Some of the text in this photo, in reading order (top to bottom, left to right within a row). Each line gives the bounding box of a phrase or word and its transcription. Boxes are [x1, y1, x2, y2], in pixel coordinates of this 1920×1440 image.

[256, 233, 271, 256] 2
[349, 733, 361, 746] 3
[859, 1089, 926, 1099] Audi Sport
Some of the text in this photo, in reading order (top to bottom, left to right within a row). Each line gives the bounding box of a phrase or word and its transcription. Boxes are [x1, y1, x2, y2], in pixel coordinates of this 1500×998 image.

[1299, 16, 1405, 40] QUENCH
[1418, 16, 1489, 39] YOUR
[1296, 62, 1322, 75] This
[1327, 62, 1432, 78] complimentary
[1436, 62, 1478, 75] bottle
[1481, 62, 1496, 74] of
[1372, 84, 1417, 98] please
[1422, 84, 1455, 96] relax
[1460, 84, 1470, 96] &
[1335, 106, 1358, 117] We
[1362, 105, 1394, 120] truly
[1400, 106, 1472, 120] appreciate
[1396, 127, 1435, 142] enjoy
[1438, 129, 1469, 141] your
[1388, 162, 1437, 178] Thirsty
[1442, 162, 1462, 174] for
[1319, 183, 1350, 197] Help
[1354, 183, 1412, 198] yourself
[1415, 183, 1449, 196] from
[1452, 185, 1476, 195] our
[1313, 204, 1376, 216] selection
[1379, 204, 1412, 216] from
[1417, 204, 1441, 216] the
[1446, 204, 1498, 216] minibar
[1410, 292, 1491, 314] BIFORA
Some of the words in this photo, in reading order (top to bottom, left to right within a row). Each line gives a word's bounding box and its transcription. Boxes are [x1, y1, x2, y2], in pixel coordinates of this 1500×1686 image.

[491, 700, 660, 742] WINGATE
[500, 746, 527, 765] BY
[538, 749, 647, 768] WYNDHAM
========================
- Work required -
After reading the data above, print it all again exactly.

- Solution below -
Some of the text in this photo, in reading order (top to bottom, left to right within a row). Each line gives the bounding box of a phrase or word and its transcription. Boxes are [x1, y1, x2, y2], in pixel coordinates of this 1920×1440 image.

[256, 233, 271, 256] 2
[349, 733, 361, 746] 3
[859, 1089, 926, 1099] Audi Sport
Some of the text in this photo, in reading order (top to bottom, left to right within a row). Each line gives the bounding box of a phrase or word and its transcription. Boxes are [x1, y1, x2, y2], in pixel coordinates of this 1500×998 image.

[1299, 16, 1405, 40] QUENCH
[1418, 16, 1489, 39] YOUR
[1296, 62, 1322, 75] This
[1327, 62, 1432, 78] complimentary
[1436, 62, 1478, 75] bottle
[1481, 62, 1496, 74] of
[1372, 84, 1417, 98] please
[1422, 84, 1455, 96] relax
[1460, 84, 1470, 96] &
[1335, 106, 1358, 117] We
[1362, 105, 1394, 120] truly
[1400, 106, 1472, 120] appreciate
[1396, 127, 1435, 142] enjoy
[1438, 129, 1469, 141] your
[1388, 162, 1437, 178] Thirsty
[1442, 162, 1462, 174] for
[1319, 183, 1350, 197] Help
[1354, 183, 1412, 198] yourself
[1415, 183, 1449, 196] from
[1452, 185, 1476, 195] our
[1313, 204, 1376, 216] selection
[1379, 204, 1412, 216] from
[1417, 204, 1441, 216] the
[1446, 204, 1498, 216] minibar
[1410, 292, 1491, 314] BIFORA
Some of the words in this photo, in reading order (top to bottom, left to right within a row). Each line gives a word's bounding box and its transcription. Boxes are [x1, y1, x2, y2], in pixel coordinates of this 1500×1686 image.

[491, 700, 660, 742] WINGATE
[500, 746, 527, 765] BY
[538, 749, 647, 768] WYNDHAM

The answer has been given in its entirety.